**Aim of the exercise:** Given the listing below, output exactly the line containing "this 1840×1840 image." and every line after it through the end.

**Data records:**
-- -- --

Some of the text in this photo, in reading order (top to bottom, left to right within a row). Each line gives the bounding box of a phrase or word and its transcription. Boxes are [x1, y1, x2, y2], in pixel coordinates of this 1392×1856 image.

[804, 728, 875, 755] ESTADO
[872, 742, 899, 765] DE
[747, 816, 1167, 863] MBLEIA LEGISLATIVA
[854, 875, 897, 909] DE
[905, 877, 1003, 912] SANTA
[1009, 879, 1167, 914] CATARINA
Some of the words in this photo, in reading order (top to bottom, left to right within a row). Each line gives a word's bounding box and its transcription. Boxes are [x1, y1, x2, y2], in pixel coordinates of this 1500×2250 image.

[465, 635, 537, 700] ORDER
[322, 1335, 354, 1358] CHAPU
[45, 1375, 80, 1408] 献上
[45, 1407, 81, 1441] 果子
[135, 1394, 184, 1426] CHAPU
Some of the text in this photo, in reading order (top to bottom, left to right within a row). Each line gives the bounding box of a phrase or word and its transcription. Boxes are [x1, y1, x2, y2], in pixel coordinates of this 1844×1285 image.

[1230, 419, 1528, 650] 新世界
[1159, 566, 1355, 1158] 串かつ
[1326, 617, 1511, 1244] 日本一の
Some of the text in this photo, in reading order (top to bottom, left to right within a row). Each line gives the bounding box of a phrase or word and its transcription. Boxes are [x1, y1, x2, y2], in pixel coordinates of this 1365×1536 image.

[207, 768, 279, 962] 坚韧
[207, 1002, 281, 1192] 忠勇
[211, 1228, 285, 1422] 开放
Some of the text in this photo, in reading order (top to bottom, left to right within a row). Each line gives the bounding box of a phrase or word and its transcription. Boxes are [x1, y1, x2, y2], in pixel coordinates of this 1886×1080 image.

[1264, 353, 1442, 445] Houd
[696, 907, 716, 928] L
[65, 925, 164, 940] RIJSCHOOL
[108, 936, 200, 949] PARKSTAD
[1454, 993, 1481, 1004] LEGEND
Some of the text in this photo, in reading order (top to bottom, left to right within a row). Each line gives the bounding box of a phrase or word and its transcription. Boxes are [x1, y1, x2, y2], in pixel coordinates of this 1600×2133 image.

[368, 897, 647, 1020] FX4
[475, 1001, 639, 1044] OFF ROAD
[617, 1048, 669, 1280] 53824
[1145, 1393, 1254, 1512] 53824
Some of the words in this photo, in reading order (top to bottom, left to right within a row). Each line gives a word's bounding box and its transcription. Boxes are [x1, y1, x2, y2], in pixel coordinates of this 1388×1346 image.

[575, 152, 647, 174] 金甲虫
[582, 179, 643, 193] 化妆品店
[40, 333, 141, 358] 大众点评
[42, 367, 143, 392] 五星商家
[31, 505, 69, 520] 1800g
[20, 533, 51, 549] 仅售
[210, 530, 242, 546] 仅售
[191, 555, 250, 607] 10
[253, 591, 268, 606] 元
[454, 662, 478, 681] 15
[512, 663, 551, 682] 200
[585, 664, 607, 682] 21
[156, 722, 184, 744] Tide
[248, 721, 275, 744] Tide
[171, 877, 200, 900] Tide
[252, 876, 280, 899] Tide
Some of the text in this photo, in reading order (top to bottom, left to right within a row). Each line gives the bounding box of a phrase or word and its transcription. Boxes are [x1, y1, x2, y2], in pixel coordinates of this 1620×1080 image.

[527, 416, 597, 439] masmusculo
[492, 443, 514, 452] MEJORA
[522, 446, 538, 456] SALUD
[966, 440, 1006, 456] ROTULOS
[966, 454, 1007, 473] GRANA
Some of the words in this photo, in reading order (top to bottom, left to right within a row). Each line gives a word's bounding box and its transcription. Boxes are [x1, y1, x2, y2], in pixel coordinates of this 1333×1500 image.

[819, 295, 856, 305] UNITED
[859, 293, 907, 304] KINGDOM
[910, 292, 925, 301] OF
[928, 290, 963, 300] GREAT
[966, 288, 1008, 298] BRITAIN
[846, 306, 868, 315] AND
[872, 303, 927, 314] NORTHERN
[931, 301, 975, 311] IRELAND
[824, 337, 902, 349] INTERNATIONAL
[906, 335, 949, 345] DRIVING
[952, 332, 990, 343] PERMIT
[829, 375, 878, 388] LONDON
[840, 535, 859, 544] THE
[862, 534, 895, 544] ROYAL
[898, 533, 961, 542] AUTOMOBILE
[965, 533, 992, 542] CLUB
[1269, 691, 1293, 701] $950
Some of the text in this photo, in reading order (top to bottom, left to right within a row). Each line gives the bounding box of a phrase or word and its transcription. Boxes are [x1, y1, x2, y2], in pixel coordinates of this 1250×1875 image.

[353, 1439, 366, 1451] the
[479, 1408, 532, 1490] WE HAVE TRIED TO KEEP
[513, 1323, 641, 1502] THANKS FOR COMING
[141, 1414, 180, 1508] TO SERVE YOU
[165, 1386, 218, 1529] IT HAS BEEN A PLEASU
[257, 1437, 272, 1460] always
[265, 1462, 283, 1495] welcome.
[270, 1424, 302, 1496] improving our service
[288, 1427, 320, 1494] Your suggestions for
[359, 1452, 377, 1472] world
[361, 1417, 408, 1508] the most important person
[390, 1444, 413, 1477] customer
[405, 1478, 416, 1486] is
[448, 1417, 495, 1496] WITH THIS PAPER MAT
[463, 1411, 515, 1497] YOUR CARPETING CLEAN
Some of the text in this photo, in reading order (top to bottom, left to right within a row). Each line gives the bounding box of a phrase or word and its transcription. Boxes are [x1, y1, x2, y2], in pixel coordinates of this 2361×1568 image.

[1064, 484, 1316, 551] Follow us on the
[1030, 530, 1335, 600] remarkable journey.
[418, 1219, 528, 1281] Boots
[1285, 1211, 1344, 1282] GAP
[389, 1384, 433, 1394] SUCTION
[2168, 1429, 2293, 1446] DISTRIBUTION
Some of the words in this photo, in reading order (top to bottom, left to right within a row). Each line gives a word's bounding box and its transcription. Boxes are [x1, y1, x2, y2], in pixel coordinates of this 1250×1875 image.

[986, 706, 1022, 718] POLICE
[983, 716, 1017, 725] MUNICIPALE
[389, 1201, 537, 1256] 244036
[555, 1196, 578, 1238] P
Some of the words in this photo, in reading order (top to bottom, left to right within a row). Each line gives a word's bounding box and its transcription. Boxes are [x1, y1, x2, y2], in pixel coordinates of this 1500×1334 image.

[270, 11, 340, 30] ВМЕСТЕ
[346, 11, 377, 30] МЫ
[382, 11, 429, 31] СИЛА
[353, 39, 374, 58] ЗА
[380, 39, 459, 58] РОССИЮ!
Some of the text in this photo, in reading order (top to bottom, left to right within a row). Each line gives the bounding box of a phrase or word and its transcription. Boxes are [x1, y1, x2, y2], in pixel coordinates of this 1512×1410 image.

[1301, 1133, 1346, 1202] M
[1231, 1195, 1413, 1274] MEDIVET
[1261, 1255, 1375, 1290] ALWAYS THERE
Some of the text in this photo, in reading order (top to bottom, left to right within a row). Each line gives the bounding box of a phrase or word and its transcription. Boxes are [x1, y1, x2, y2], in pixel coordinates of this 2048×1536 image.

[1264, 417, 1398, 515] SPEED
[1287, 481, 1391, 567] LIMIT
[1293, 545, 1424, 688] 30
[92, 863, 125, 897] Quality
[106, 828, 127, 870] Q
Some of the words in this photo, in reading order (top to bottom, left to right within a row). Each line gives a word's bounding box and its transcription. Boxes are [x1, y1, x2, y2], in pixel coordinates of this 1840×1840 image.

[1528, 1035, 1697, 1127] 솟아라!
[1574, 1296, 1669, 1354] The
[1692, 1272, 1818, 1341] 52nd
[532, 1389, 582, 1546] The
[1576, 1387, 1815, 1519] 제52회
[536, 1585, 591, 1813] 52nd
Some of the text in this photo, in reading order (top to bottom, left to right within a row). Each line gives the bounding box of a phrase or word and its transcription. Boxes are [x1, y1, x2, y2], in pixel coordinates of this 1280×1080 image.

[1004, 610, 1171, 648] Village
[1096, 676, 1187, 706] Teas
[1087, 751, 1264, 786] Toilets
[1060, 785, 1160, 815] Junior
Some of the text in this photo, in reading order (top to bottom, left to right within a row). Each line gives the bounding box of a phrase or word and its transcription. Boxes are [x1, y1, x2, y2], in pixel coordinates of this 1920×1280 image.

-- -- --

**Output of the task:**
Some of the words in this photo, in reading order (top to bottom, left to right within a row). Each line gives a word's bounding box and its transcription. Boxes are [x1, y1, x2, y2], in pixel coordinates of this 1840×1840 image.

[1528, 1035, 1697, 1127] 솟아라!
[1574, 1296, 1669, 1354] The
[1692, 1272, 1818, 1341] 52nd
[532, 1389, 582, 1546] The
[1576, 1387, 1815, 1519] 제52회
[536, 1585, 591, 1813] 52nd
Some of the text in this photo, in reading order (top to bottom, left to right within a row). Each line gives the bounding box of a phrase or word and its transcription. Boxes are [x1, y1, x2, y2], in pixel coordinates of this 1280×1080 image.

[1004, 610, 1171, 648] Village
[1096, 676, 1187, 706] Teas
[1087, 751, 1264, 786] Toilets
[1060, 785, 1160, 815] Junior
Some of the text in this photo, in reading order (top to bottom, left to right within a row). Each line gives the bounding box of a phrase or word and its transcription. Boxes are [x1, y1, x2, y2], in pixel coordinates of this 1920×1280 image.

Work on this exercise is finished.